The pilots of Dale Earnhardt Jr.’s Citation Latitude told the NTSB the aircraft “did not respond as expected” as they tried to go around after a rough landing at Elizabethton Airport in Tennessee earlier this month. In the preliminary report on the Aug. 15 accident, which destroyed the aircraft and resulted in minor injuries to Earnhardt, his wife and their baby, the NTSB said the crew called it quits after the second bounce on the 4500-foot runway after an uneventful 20-minute VFR flight on a calm, mostly sunny day. It’s not clear from the report what anomaly the pilots said they encountered but with more than half of the runway behind them, they set up to land and hit hard with only about 1,000 feet of asphalt left.

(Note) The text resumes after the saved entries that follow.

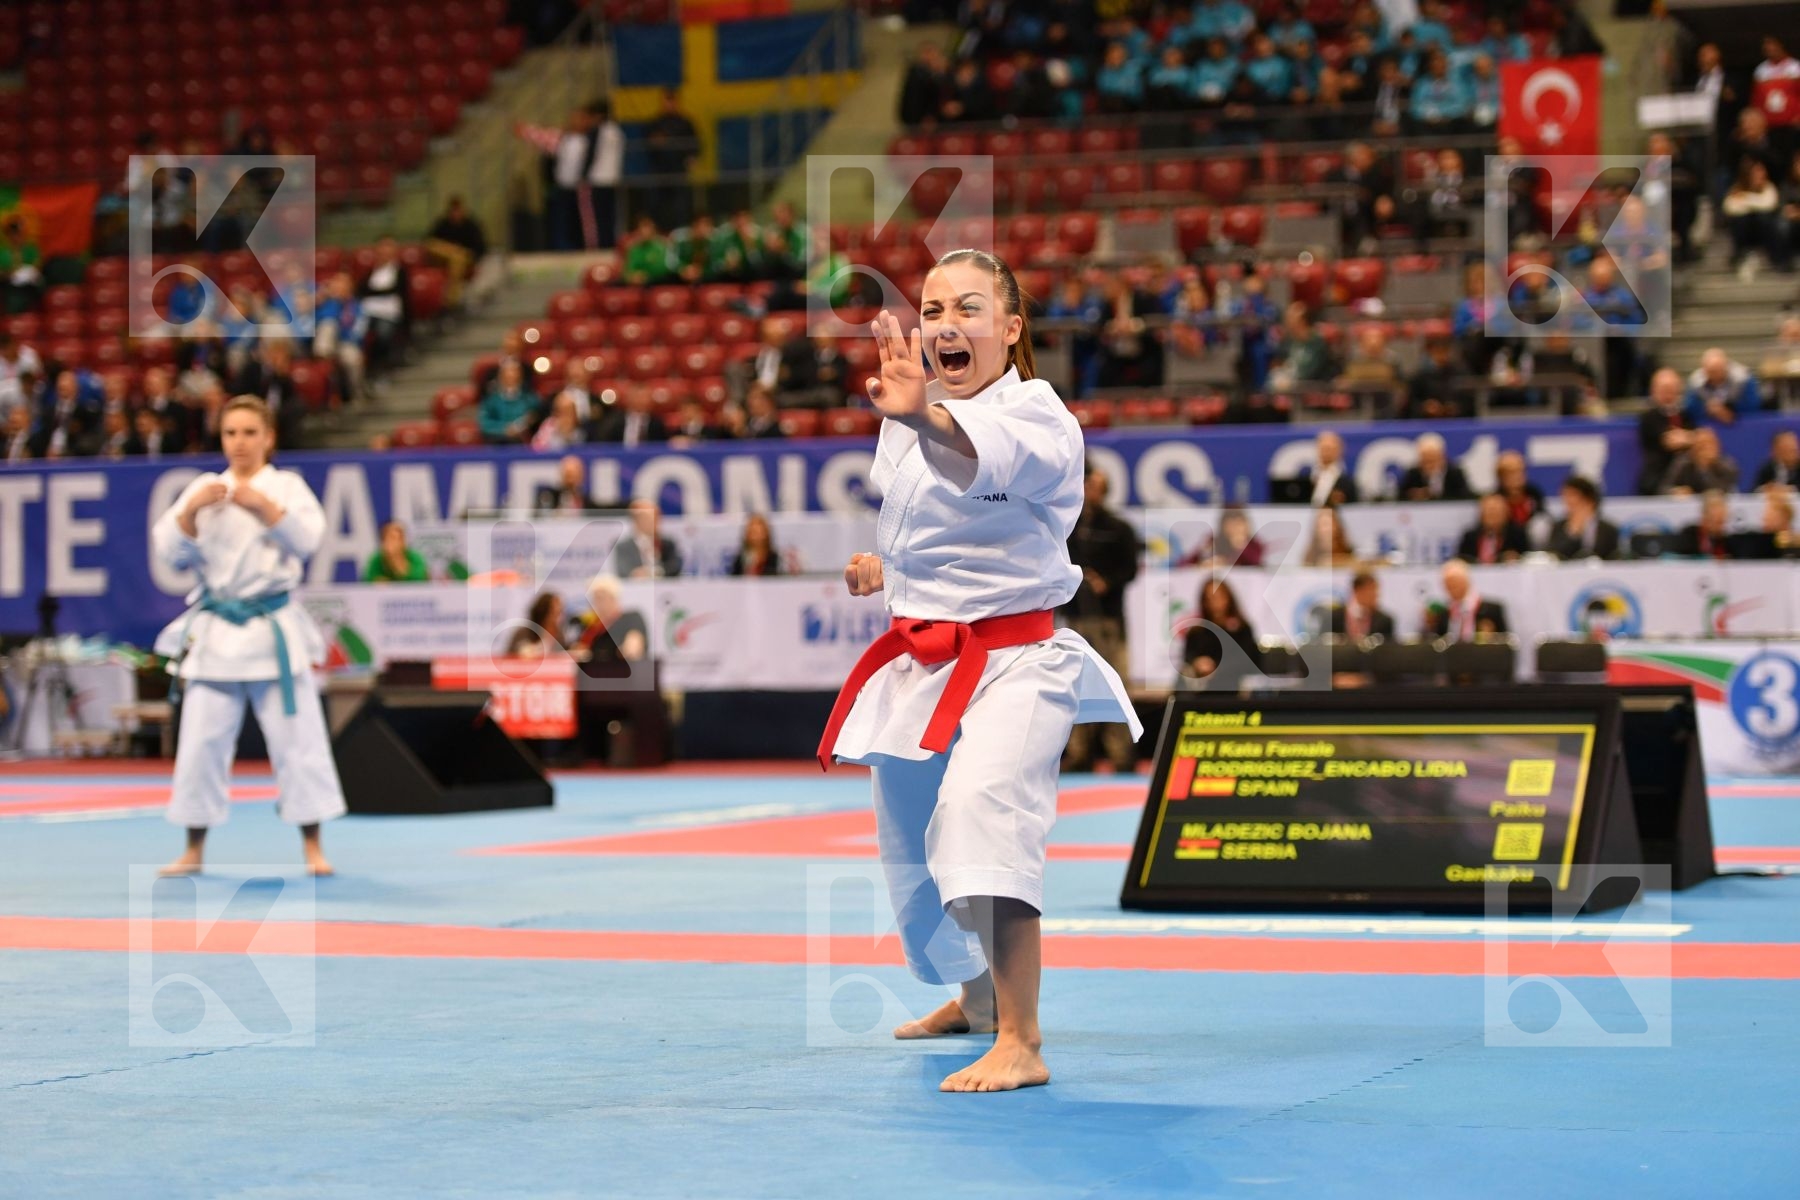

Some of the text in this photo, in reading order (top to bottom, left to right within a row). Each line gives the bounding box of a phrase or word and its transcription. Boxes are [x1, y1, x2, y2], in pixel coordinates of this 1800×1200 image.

[1746, 661, 1799, 737] 3
[1184, 711, 1246, 727] Tatami
[1179, 741, 1335, 758] U21 Kata Female
[1196, 760, 1468, 780] RODRIGUEZ_ENCABO LIDIA
[1236, 780, 1299, 796] SPAIN
[1180, 823, 1372, 840] MLADEZIC BOJANA
[1221, 843, 1297, 861] SERBIA
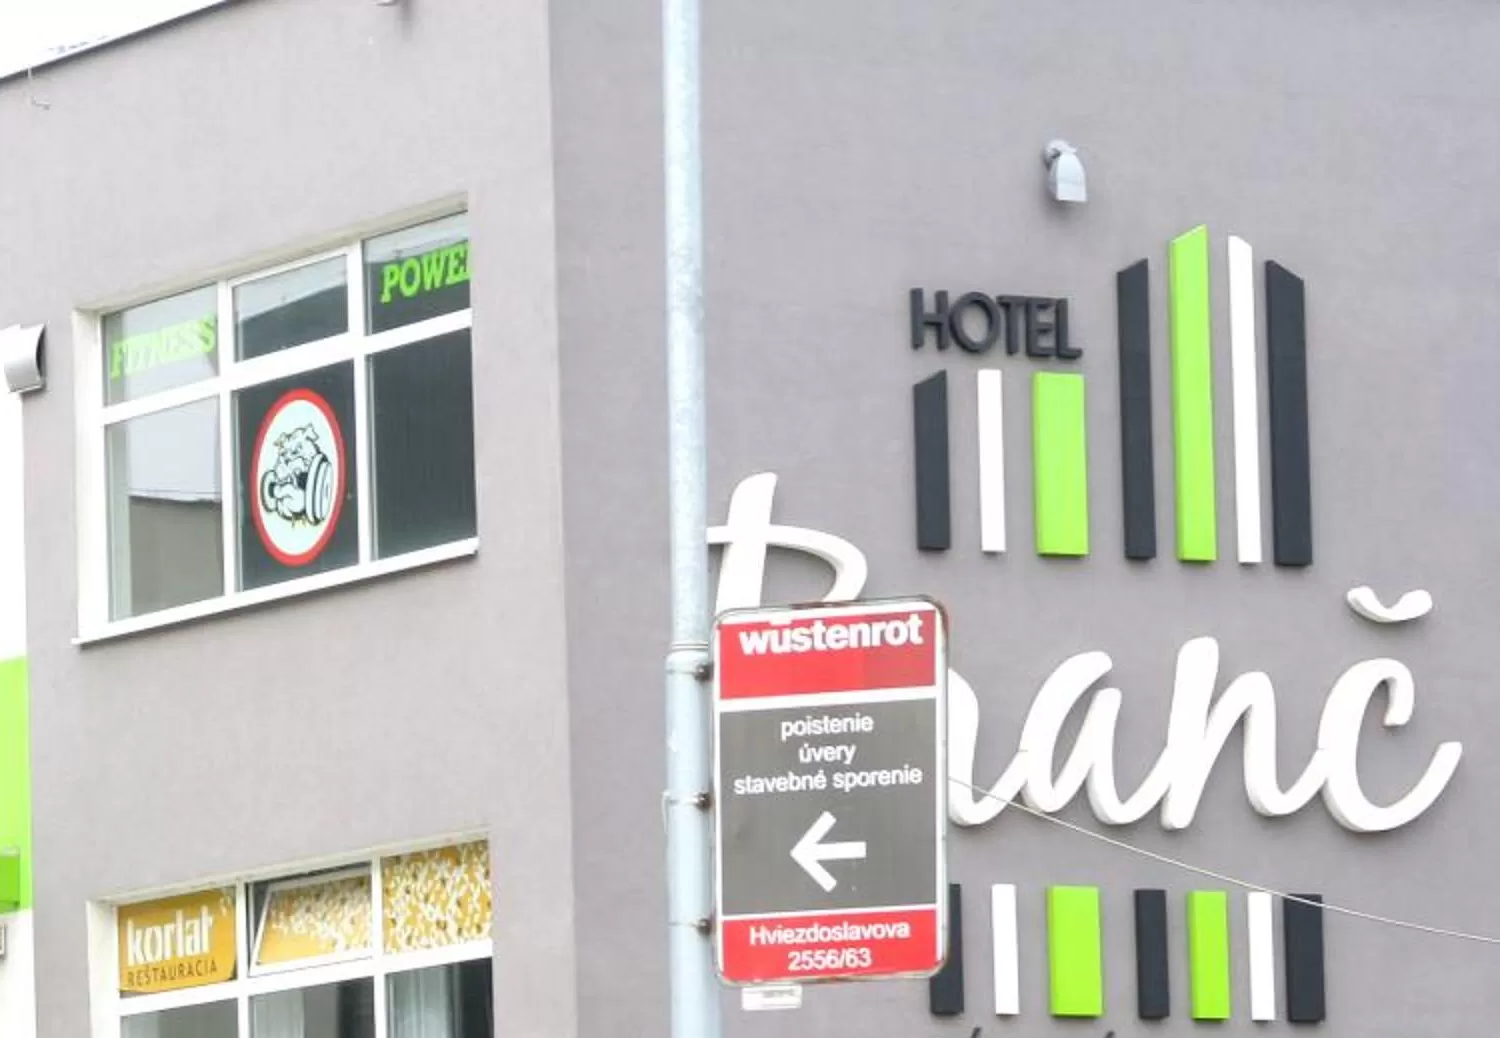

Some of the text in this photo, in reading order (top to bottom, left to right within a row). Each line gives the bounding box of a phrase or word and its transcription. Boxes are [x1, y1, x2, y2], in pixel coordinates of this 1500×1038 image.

[380, 241, 471, 304] POWE
[909, 287, 1083, 360] HOTEL
[109, 315, 215, 380] FITNESS
[780, 711, 875, 742] poistenie
[797, 742, 857, 765] úvery
[733, 763, 923, 796] stavebné sporenie
[749, 921, 911, 946] Hviezdoslavova
[787, 947, 872, 972] 2556/63

The right gear collapsed and the aircraft continued over the grass overrun, through a ditch and across a highway where it caught fire. The pilots got the main door open and helped the Earnhardt family to safety. The pilots were unhurt but the Earnhardts had scrapes and bruises. The cockpit, with its G5000 panel, was undamaged and the data from the avionics was downloaded. Both pilots were experienced, current and hold ATPs.

Russ Niles
Russ Niles is Editor-in-Chief of AVweb. He has been a pilot for 30 years and joined AVweb 22 years ago. He and his wife Marni live in southern British Columbia where they also operate a small winery.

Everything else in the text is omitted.